April 22, 2003

 

Jesus Christ Superstar

reviewed by
Lynn Trenning

 

 

 

 

 

 

 

 

 

 

 

 

 

 

For more about Lynn Trenning, please visit her main page.

If Jesus and Judas were anything like Eric Kunze and Carl Anderson, it’s no wonder the Christian religion has mesmerized billions of people for two millennium. In Jesus Christ Superstar, the story of Jesus’ betrayal by a kiss, and death by a cross, has the power to convert a new generation of theatregoers.

As any nascent Bible student knows, Jesus is a complex character who is constantly recreated in the eyes of those who want to know him. Jesus Chris Superstar, is the Tim Rice and Andrew Lloyd Webber version of the days before his crucifixion. In this reprisal, Director Kevin Moriarty gives Jesus his own compassionate personality, as well as reveals him through the eyes of Judas, Pilate, Mary Magdalene, Caiaphas and Annas. Employing a gritty set designed by Peter Davison and Roger Kirk’s generation-spanning costume design, the show is a hybrid of pop-culture and religious fervor.

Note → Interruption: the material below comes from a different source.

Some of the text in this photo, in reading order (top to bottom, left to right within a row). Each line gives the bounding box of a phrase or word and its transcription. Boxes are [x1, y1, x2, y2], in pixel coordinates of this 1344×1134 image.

Set in a urban jungle in Rome, the show maintains the original edgy hipness that appealed to the counter-culture of the 1960s in its 1971 debut. Four pillars connected by scaffolding afford the disciples opportunity to display their athletic playfulness. The disciples wear retro clothes that span four decades of fashion with combinations of skin-tight low riders, flowing peasant blouses, camouflage khakis and muscle t-shirts. Colorful and varied, they look like today’s youth.

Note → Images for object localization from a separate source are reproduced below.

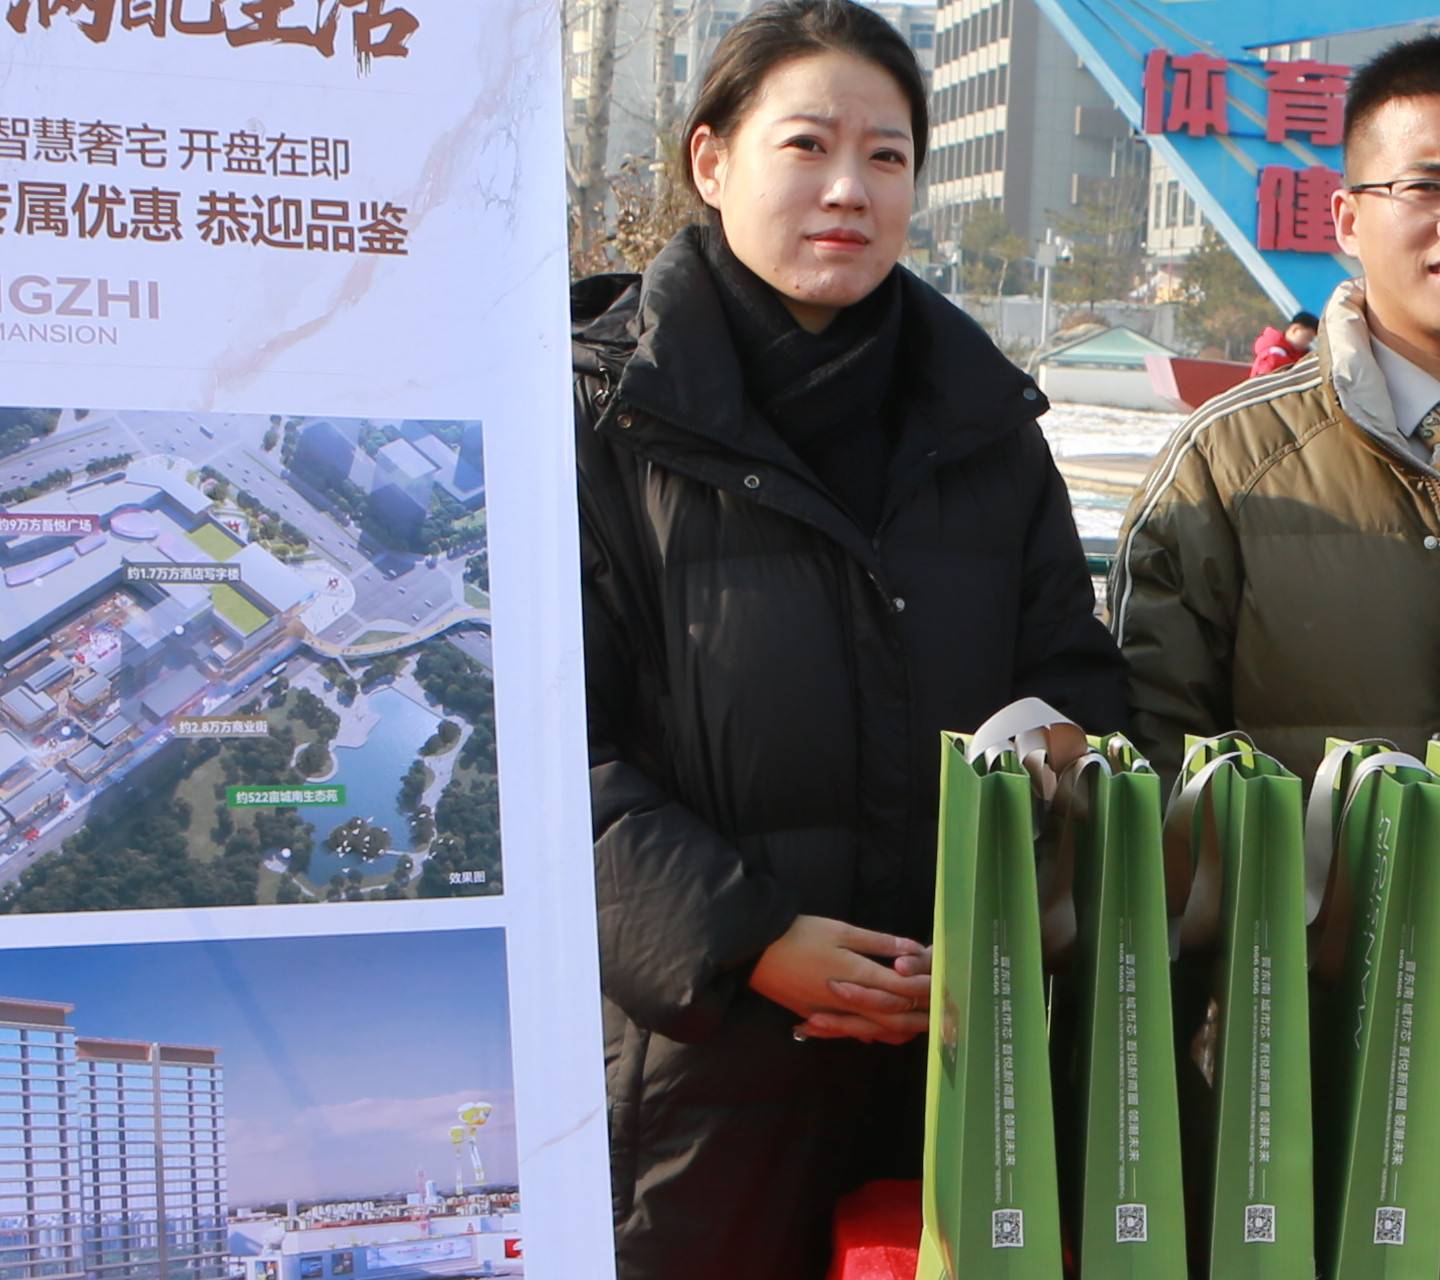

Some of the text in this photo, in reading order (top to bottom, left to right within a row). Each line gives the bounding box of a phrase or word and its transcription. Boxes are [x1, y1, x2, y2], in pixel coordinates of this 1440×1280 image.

[178, 127, 351, 181] 开盘在即
[196, 188, 410, 256] 恭迎品鉴
[235, 788, 339, 806] 约522亩城南生态苑
[448, 870, 487, 886] 效果图
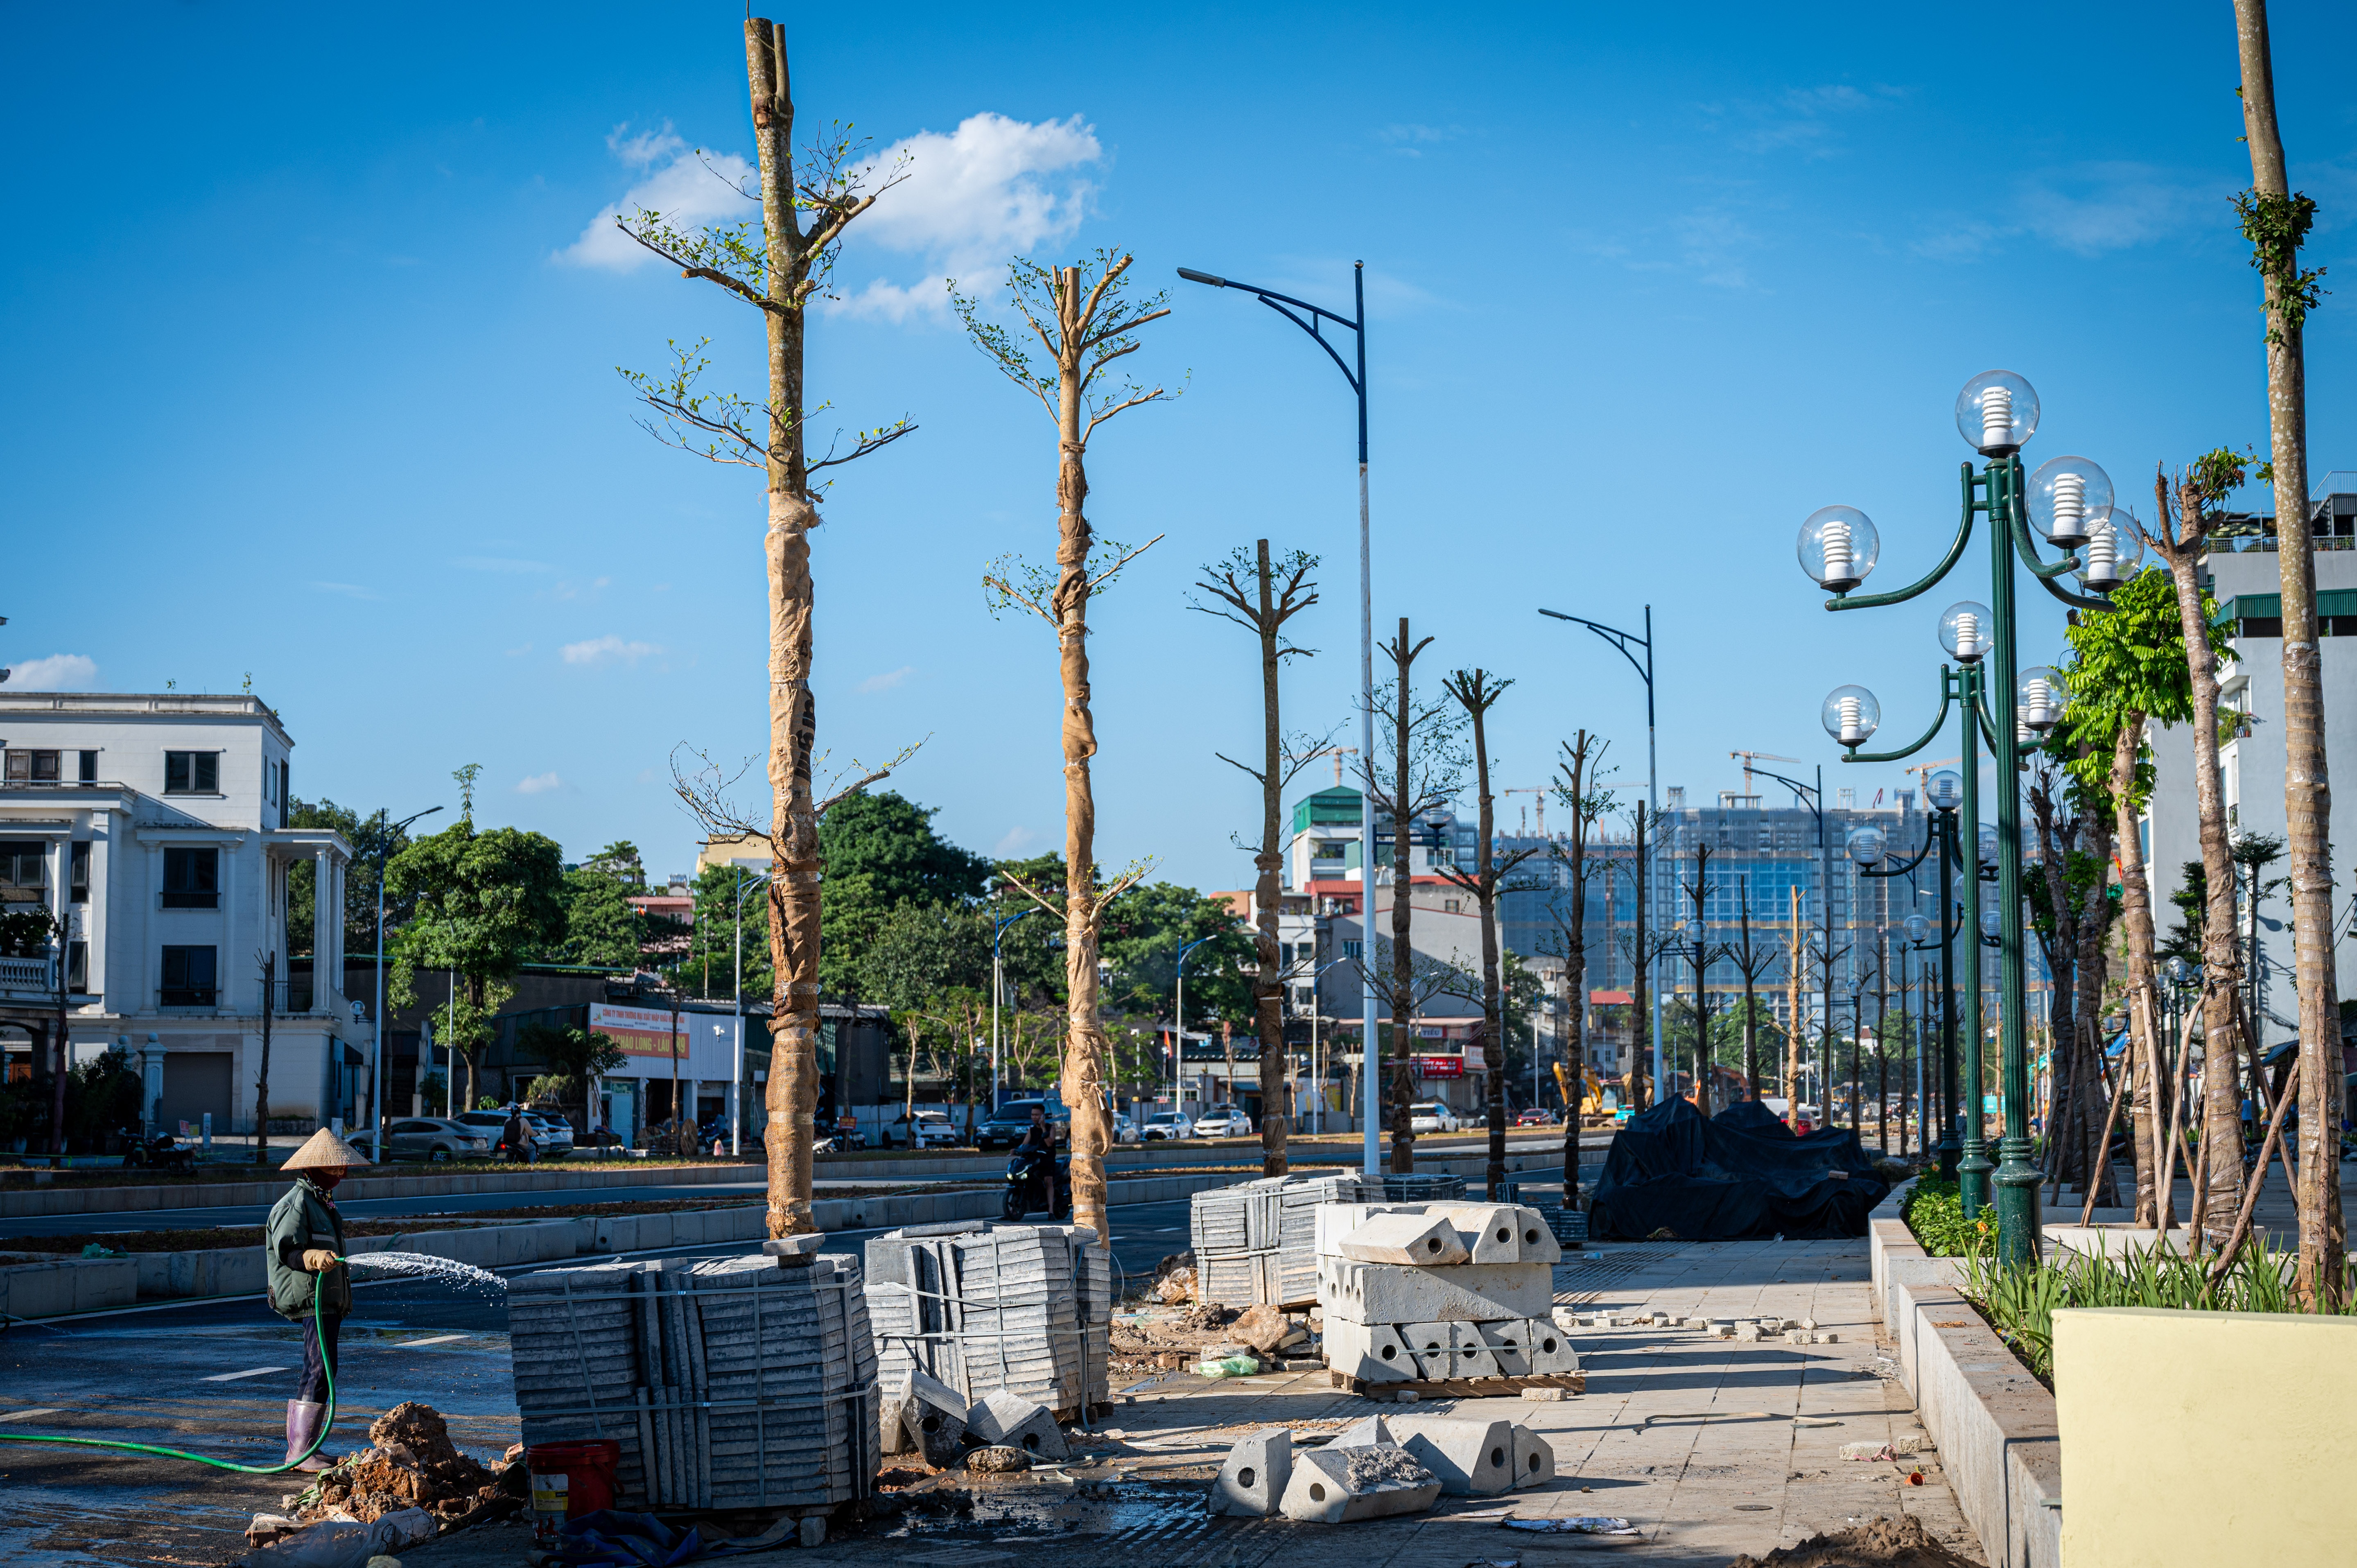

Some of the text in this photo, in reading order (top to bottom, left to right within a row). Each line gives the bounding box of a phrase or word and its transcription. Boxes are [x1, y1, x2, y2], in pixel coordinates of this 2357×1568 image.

The Profiteers wear the slick suits and fedoras characteristic of the 1920s Mob. The Roman authorities look like a George Lucas version of the Gestapo. If Mae West were starring in a current Las Vegas revue she might look a lot like the women of Herod’s Court.

Meanwhile, Judas and Jesus are timeless, for different reasons. Carl Anderson has been playing Judas off and on since 1971, and if he’s tired of it I can’t tell. His angst is palpable. His voice is memorable. His passion is daunting. Dramatically stalking the stage, dressed in combinations of red and black, he is the perfect foil for Kunze’s pale, calm Jesus, who wears a brilliant white shirt. Kunze’s tortured rendition of "Gethsemane" is achingly sweet. He wears the questioning expression found on many crucifixes in homes and churches. The scene where he is lashed by the mob is heartbreaking.

Natalie Toro plays a sultry Mary Magdalene, dressed in red. As Caiaphas, Lawson Skala’s low, slow delivery of the line "We need a more permanent solution to our problem," is chilling. His voice is beautifully complimented by the higher one of Annas, played by Rocky Rodriguez.

A few technical missteps are avoidable. They include blinding the audience with stage lights at the beginning of the show, and the pink and gold fringe backdrop during "Superstar" in Act Two. The hanging body of Judas needs more girth, and the lighted cross behind the actual one only works if you have a dead center seat.

It is a tribute to the intensity of the drama that "King Herod’s Song" feels particularly shallow. The timeless tale is told so compellingly that it doesn’t leave room for kitch.